BerGenBio is based in Bergen, Norway with a subsidiary in Oxford, UK. The
company is listed on the Oslo Stock Exchange (ticker: BGBIO). For more
information, visit?www.bergenbio.com

Contacts

Richard Godfrey CEO, BerGenBio ASA
+47 917 86 304

Rune Skeie, CFO, BerGenBio ASA
rune.skeie@bergenbio.com
+47 917 86 513

International Media Relations

Mary-Jane Elliott, Chris Welsh, Lucy Featherstone, Carina Jurs

Consilium Strategic Communications
bergenbio@consilium-comms.com
+44 20 3709 5700

Media Relations in Norway

Jan Petter Stiff, Crux Advisers

stiff@crux.no
+47 995 13 891



Forward looking statements

This announcement may contain forward-looking statements, which as such are not
historical facts, but are based upon various assumptions, many of which are
based, in turn, upon further assumptions.
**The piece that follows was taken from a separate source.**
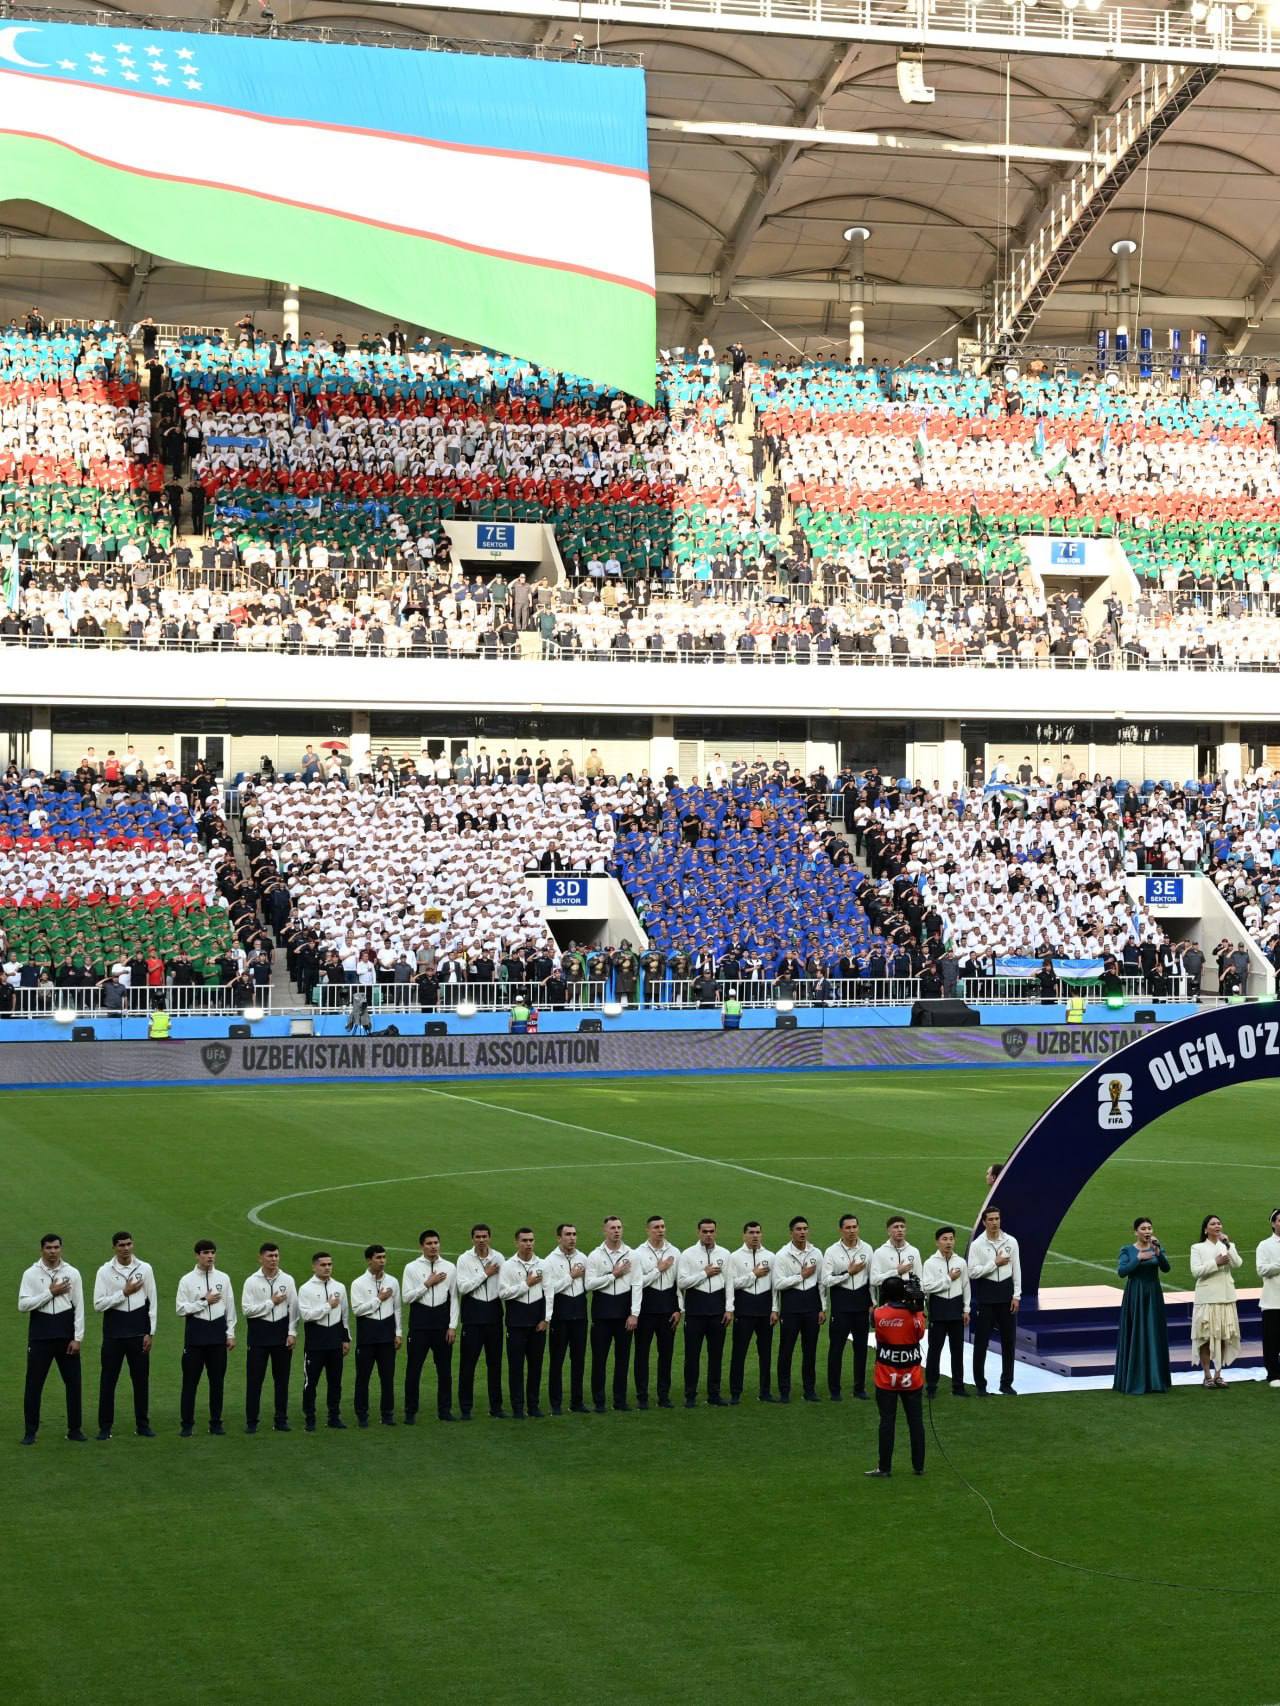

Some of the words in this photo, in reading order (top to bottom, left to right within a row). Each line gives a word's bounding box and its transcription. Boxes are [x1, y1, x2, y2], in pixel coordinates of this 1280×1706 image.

These assumptions are inherently
subject to significant known and unknown risks, uncertainties and other
important factors. Such risks, uncertainties, contingencies and other important
factors could cause actual events to differ materially from the expectations
expressed or implied in this announcement by such forward-looking statements.

This information is subject to the disclosure requirements pursuant to section 5
-12 of the Norwegian Securities Trading Act.